The funeral services were held in the Methodist Episcopal church, the pastor, Dr. G. W. Barnes, preaching the sermon from the words found in John 14:27, "Peace I leave with you, my peace I give unto you; not as the world giveth, give I unto you. Let not your heart be troubled neither let it be afraid." - Contributed (Riverside Cemetery)


Payette Enterprise
Thursday, April 28, 1921
Blanche Edna Culp, daughter of Mr. and Mrs. George Culp, was born near Sigourney, Iowa, Sept. 22, 1885 died at the home of her brother on Payette-Oregon slope, April 19, 1921, of heart trouble. She leaves to mourn her departure, two sisters, and two brothers, Emerson of Morrell, Nebr., Mrs. Bernice Clough and Maud and George W. Culp of the Payette-Oregon slope, an aged grand-mother of Milo, Mo., and many other relatives including an uncle, J. D. Conner of Payette-Oregon Slope.

Her parents and two sisters having gone on before.

In early girlhood she united with the Methodist church of Harmony, Mo., and later moved to Highland, Cortland, Neb., where she united with the Congregational church.

The funeral was conducted from the home of her brother on Dead Ox Flat, Thursday, April 21st, at 2 p.m., Rev. C. W. Buell, officiating.

Interment took place in a cemetery on Payette-Oregon Slope near Weiser.


The Payette Independent
Thursday, October 10, 1929

Frances May Cundiff was born January 29, 1887 at Heppner, Oregon, the daughter of Mr. and Mrs. William A. Kirk. She first came to Eagle Valley in 1877, when her parents and their family of five children moved there and established their home. In 1903 her father died and the family then returned to Heppner, where they lived until their home was destroyed in the Heppner flood of that year.

Following this adversity the widowed mother, Mrs. Mary E. Kirk, and her children moved to Payette, Idaho, where the mother and two brothers still reside. The brothers Clarence E. Kirk and Earl E. Kirk. Another brother, William T. Kirk, lives in Portland. The other brother, Ernest L. Kirk, died June of this year.

In 1904 she was married to Fred L. Cundiff, one of the pioneer citizens of Eagle Valley, and to this union there was born three children, William Fountain, Elizabeth Jane, and Frances Bernice, all of whom survive her. She also is survived by a granddaughter.
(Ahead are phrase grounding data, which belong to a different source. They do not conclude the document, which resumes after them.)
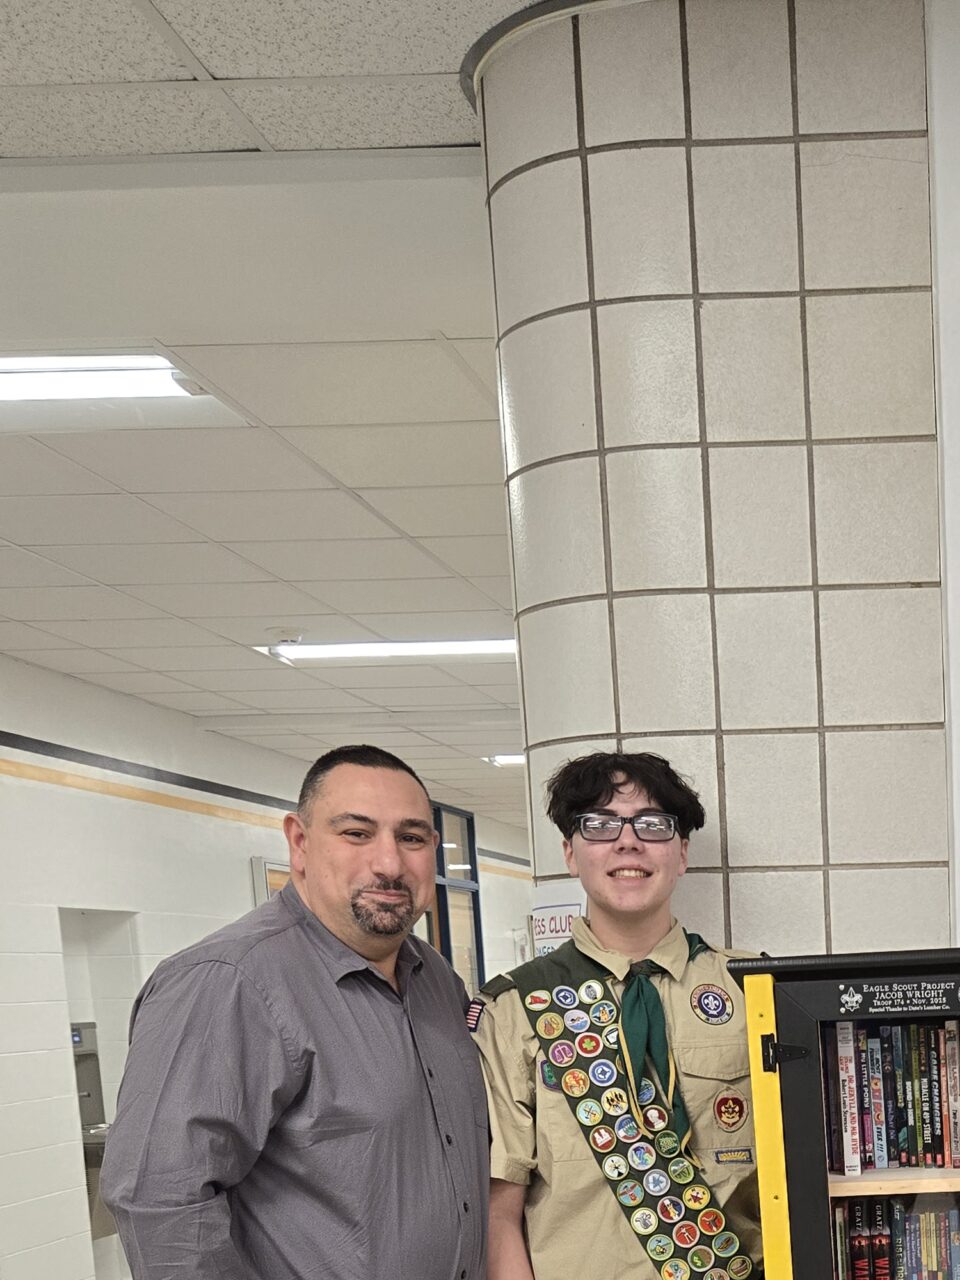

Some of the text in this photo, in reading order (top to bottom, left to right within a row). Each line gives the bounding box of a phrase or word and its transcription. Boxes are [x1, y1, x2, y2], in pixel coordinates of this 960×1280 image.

[863, 984, 889, 992] EAGLE
[921, 982, 955, 990] PROJECT
[875, 990, 943, 1000] JACOB WRIGHT
[930, 1051, 942, 1136] GAME CHANGERS
[923, 1124, 931, 1143] STREET
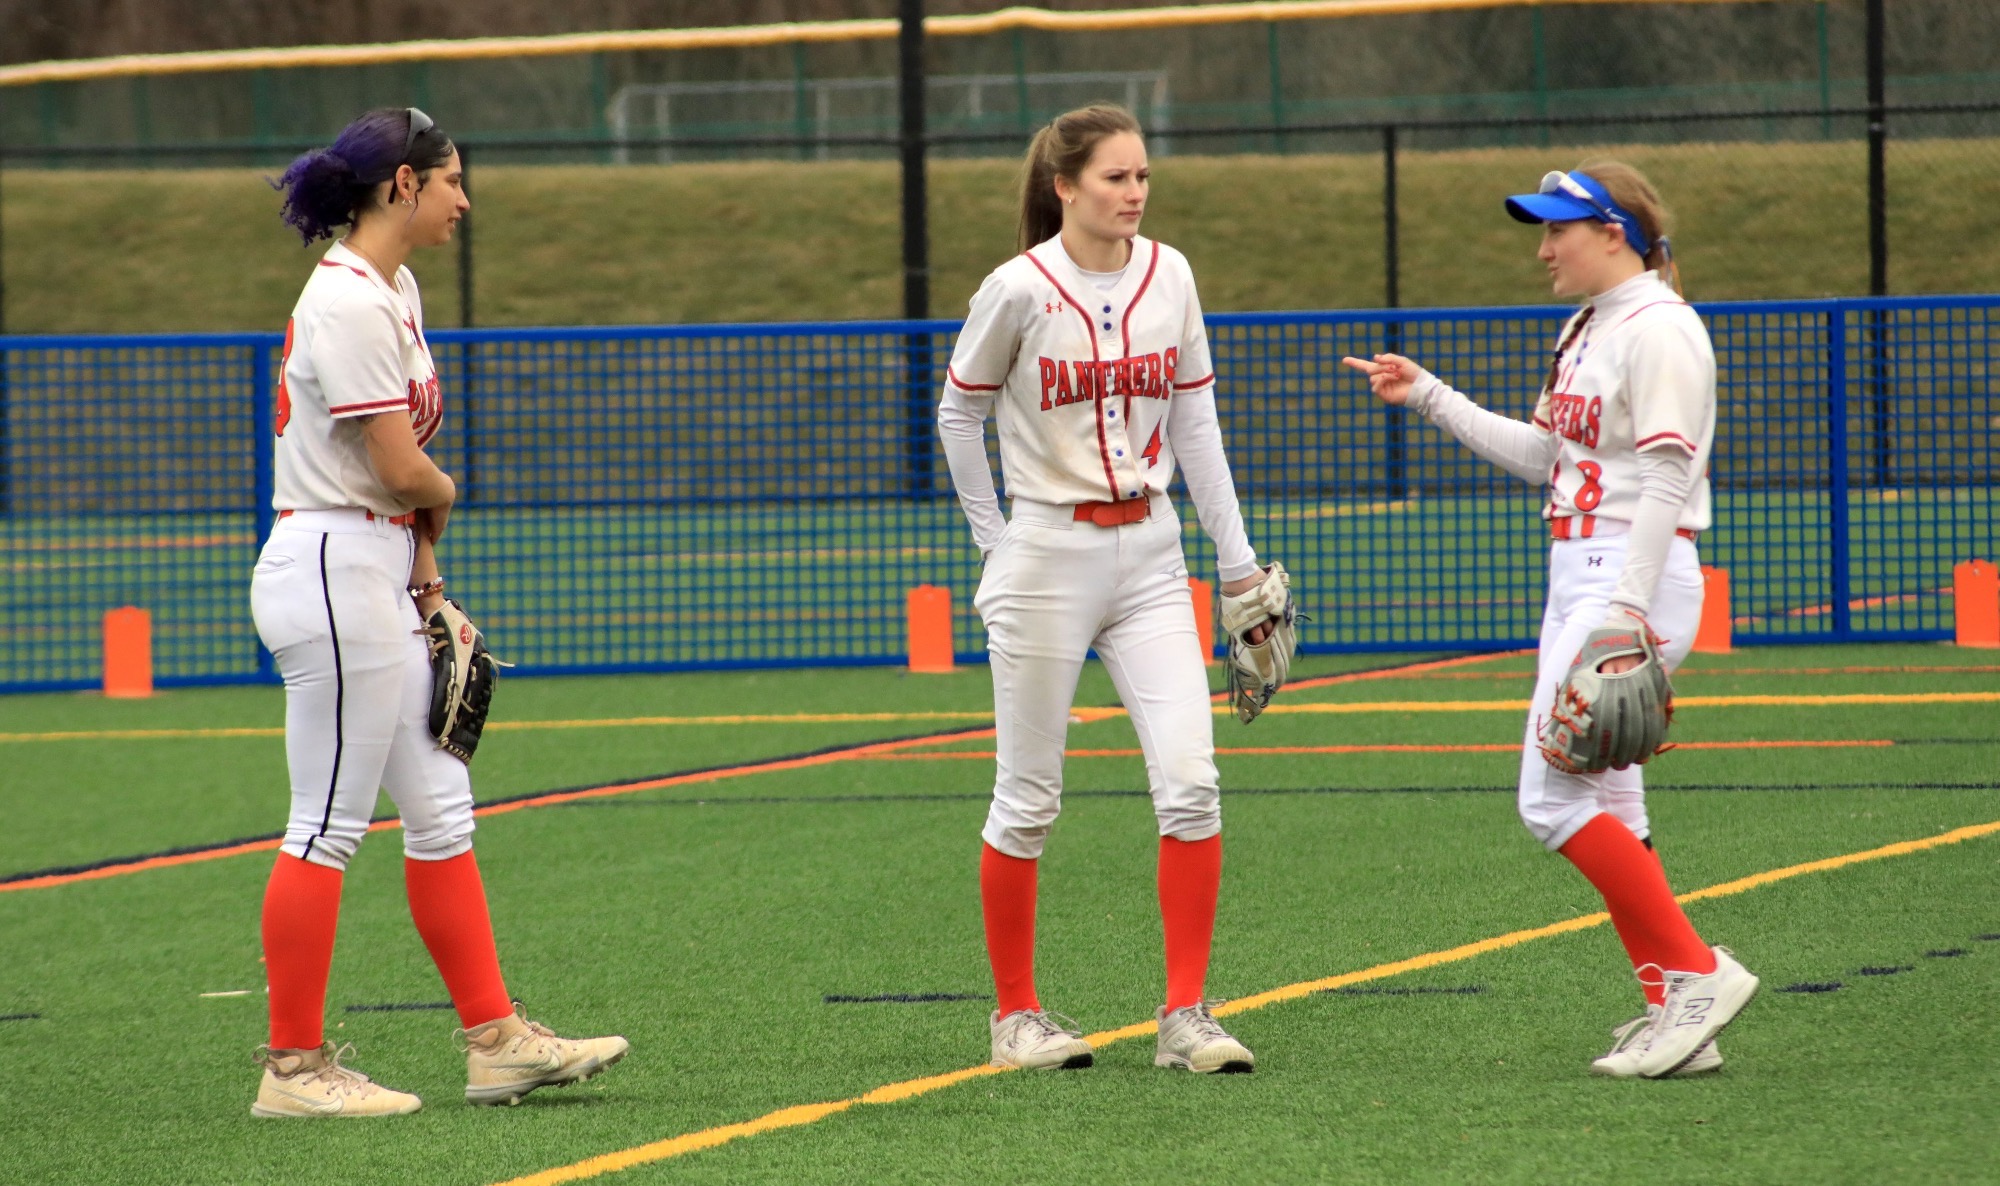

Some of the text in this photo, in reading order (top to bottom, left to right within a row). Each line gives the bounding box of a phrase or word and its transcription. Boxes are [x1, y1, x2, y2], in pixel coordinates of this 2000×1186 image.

[1039, 346, 1178, 411] PANTHERS
[1141, 415, 1163, 469] 4
[1574, 460, 1603, 512] 8
He parents were devoted Christians and she was reared in the atmosphere of the church. She never departed from this and throughout her life was an active and devoted follower of the Christ. She was a member of the M.E. church, which she immediately joined when she returned to Eagle Valley as a bride. She maintained her membership there since that time except for a brief period when she transferred it to Baker where the family moved in 1917 and lived for seven years, after which they again returned to Eagle Valley. She has served as president of the Womens Missionary society, and always was interested in all the activities of the church. She was a member of the neighbors of Woodcraft.
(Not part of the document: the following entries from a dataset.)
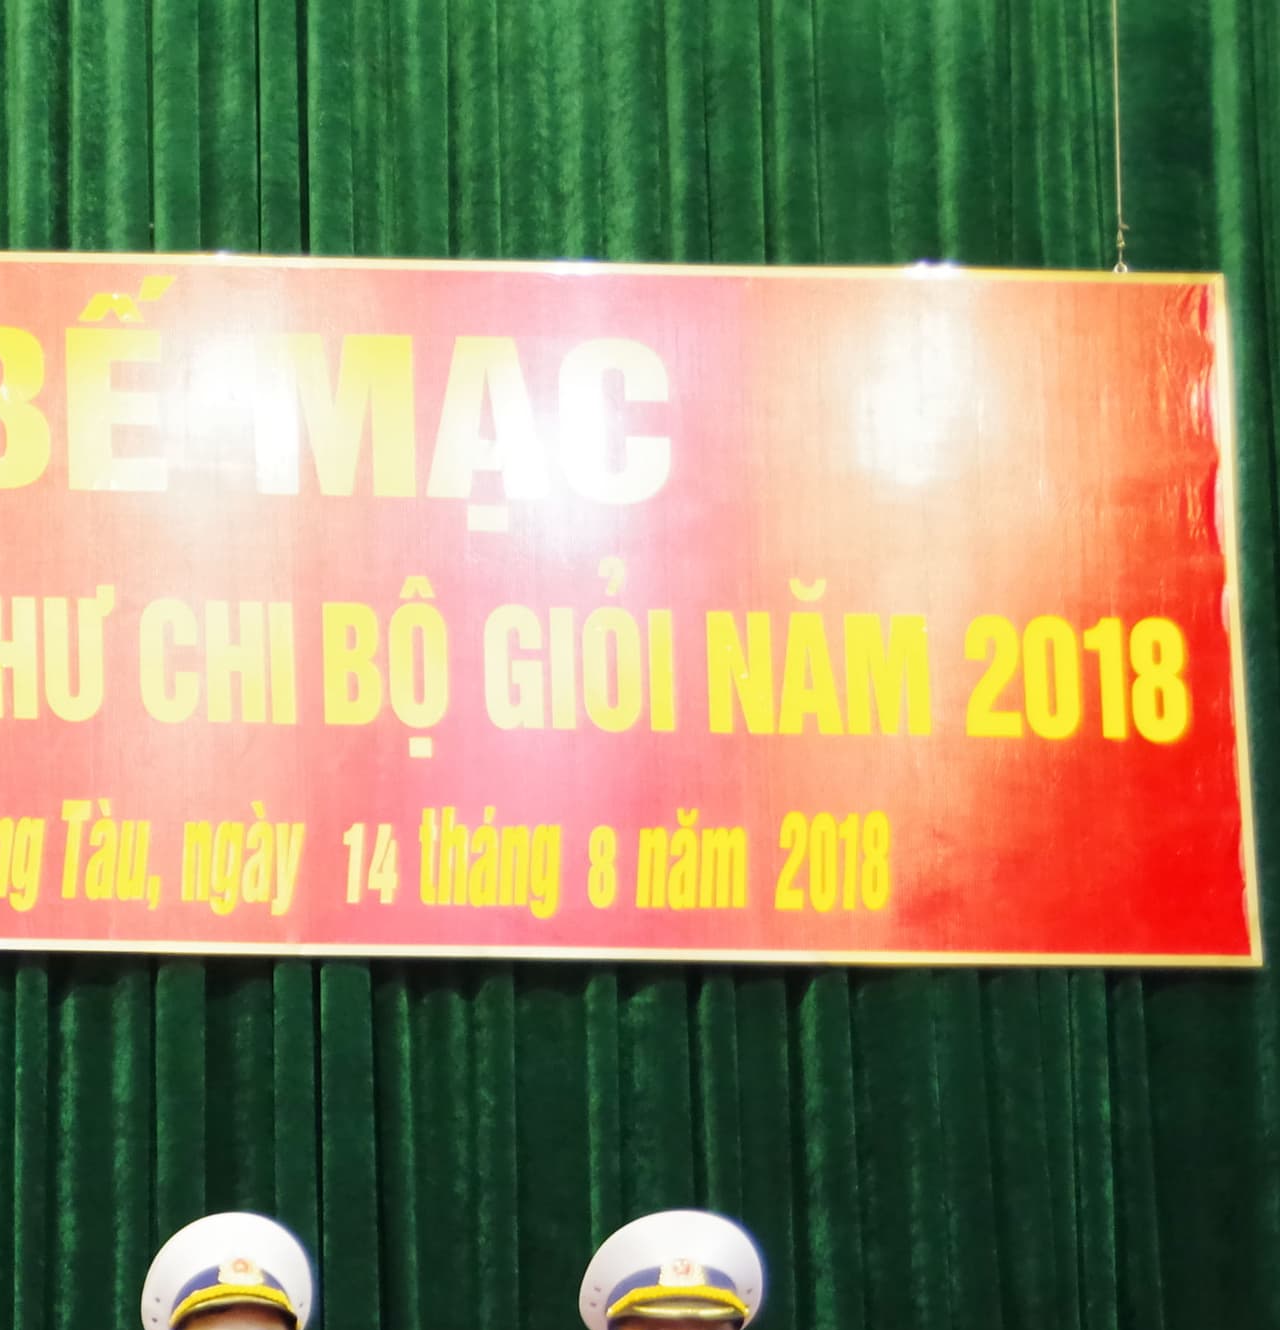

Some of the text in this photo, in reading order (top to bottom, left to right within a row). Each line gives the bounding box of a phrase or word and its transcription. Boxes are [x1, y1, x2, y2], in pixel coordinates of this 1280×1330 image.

[254, 332, 671, 532] MẠC
[138, 598, 298, 725] CHI
[321, 575, 449, 759] BỘ
[483, 556, 676, 733] GIỎI
[706, 578, 932, 737] NĂM
[963, 614, 1190, 744] 2018
[60, 798, 161, 909] Tàu,
[181, 800, 304, 915] ngày
[343, 822, 398, 905] 14
[418, 806, 561, 918] tháng
[587, 825, 617, 908] 8
[635, 807, 747, 910] năm
[775, 810, 890, 912] 2018
She suffered a stroke of paralysis in May, 1926, and a second stroke, more severe, in November of the same year. She never regained her health. Her last sickness was brief. Last Thursday morning she suffered an attack of heart trouble and the end came as 11:30 o'clock Saturday morning.

Funeral services were held at the Methodist church at Eagle Valley and interment took place there.